-- WHAT IS EXPECTED --
Could you retype the records word for word but without any pictures?

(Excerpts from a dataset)
_____
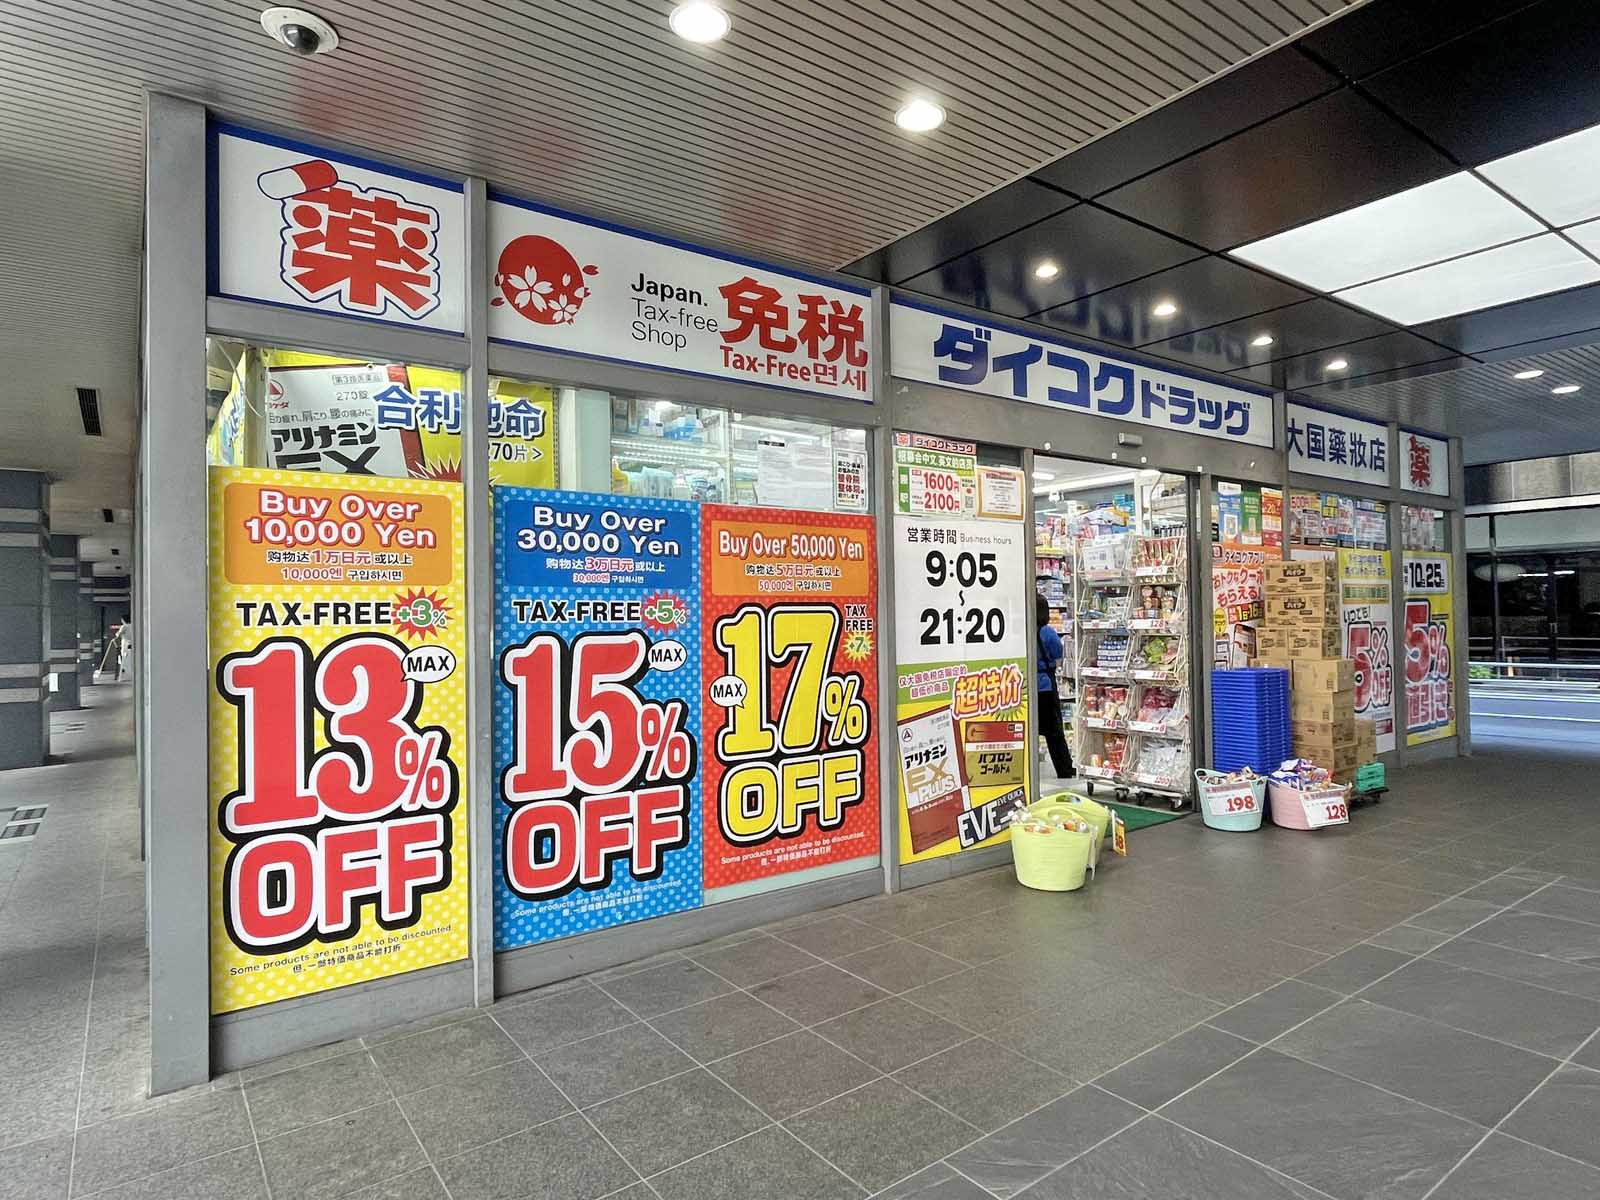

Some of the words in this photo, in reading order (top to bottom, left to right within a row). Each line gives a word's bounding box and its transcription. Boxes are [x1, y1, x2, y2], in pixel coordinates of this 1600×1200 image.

[286, 181, 435, 315] 薬
[631, 272, 709, 307] Japan.
[631, 297, 718, 333] Tax-free
[718, 276, 868, 368] 免税
[631, 320, 687, 352] Shop
[719, 345, 811, 381] Tax-Free
[812, 362, 867, 392] 면세
[933, 323, 1251, 436] ダイコクドラッグ
[270, 422, 377, 453] アリナミン
[260, 489, 328, 518] Buy
[339, 495, 420, 521] Over
[533, 505, 591, 530] Buy
[600, 510, 666, 533] Over
[245, 517, 363, 546] 10,000
[373, 522, 436, 547] Yen
[517, 529, 620, 553] 30,000
[629, 535, 680, 556] Yen
[719, 530, 749, 557] Buy
[752, 531, 787, 556] Over
[791, 533, 835, 560] 50,000
[838, 537, 863, 560] Yen
[907, 527, 957, 545] 営業時間
[959, 532, 992, 545] Business
[993, 535, 1012, 545] hours
[925, 550, 998, 588] 9:05
[236, 601, 392, 626] TAX-FREE
[398, 600, 446, 626] +3%
[513, 601, 641, 622] TAX-FREE
[645, 600, 686, 624] +5%
[845, 605, 866, 617] TAX
[845, 619, 873, 631] FREE
[920, 607, 1005, 646] 21:20
[407, 654, 450, 673] MAX
[651, 648, 683, 663] MAX
[713, 684, 743, 698] MAX
[720, 610, 866, 755] 17%
[954, 665, 1023, 717] 超特价
[510, 640, 690, 796] 15%
[228, 640, 449, 831] 13%
[904, 743, 947, 770] アリナミン
[906, 756, 949, 794] EX
[724, 753, 861, 838] OFF
[1226, 795, 1255, 812] 198
[1325, 803, 1347, 820] 128
[509, 787, 682, 890] OFF
[957, 800, 1003, 847] EVE
[237, 819, 440, 940] OFF
[229, 963, 260, 976] Some
[263, 953, 310, 970] products
[313, 949, 330, 958] are
[333, 945, 349, 954] not
[352, 940, 372, 951] able
[376, 937, 385, 946] to
[387, 935, 400, 944] be
[401, 924, 452, 941] discounted
_____
-- TASK ANSWER --
Some of the words in this photo, in reading order (top to bottom, left to right within a row). Each line gives a word's bounding box and its transcription. Boxes are [x1, y1, x2, y2], in pixel coordinates of this 1600×1200 image.

[286, 181, 435, 315] 薬
[631, 272, 709, 307] Japan.
[631, 297, 718, 333] Tax-free
[718, 276, 868, 368] 免税
[631, 320, 687, 352] Shop
[719, 345, 811, 381] Tax-Free
[812, 362, 867, 392] 면세
[933, 323, 1251, 436] ダイコクドラッグ
[270, 422, 377, 453] アリナミン
[260, 489, 328, 518] Buy
[339, 495, 420, 521] Over
[533, 505, 591, 530] Buy
[600, 510, 666, 533] Over
[245, 517, 363, 546] 10,000
[373, 522, 436, 547] Yen
[517, 529, 620, 553] 30,000
[629, 535, 680, 556] Yen
[719, 530, 749, 557] Buy
[752, 531, 787, 556] Over
[791, 533, 835, 560] 50,000
[838, 537, 863, 560] Yen
[907, 527, 957, 545] 営業時間
[959, 532, 992, 545] Business
[993, 535, 1012, 545] hours
[925, 550, 998, 588] 9:05
[236, 601, 392, 626] TAX-FREE
[398, 600, 446, 626] +3%
[513, 601, 641, 622] TAX-FREE
[645, 600, 686, 624] +5%
[845, 605, 866, 617] TAX
[845, 619, 873, 631] FREE
[920, 607, 1005, 646] 21:20
[407, 654, 450, 673] MAX
[651, 648, 683, 663] MAX
[713, 684, 743, 698] MAX
[720, 610, 866, 755] 17%
[954, 665, 1023, 717] 超特价
[510, 640, 690, 796] 15%
[228, 640, 449, 831] 13%
[904, 743, 947, 770] アリナミン
[906, 756, 949, 794] EX
[724, 753, 861, 838] OFF
[1226, 795, 1255, 812] 198
[1325, 803, 1347, 820] 128
[509, 787, 682, 890] OFF
[957, 800, 1003, 847] EVE
[237, 819, 440, 940] OFF
[229, 963, 260, 976] Some
[263, 953, 310, 970] products
[313, 949, 330, 958] are
[333, 945, 349, 954] not
[352, 940, 372, 951] able
[376, 937, 385, 946] to
[387, 935, 400, 944] be
[401, 924, 452, 941] discounted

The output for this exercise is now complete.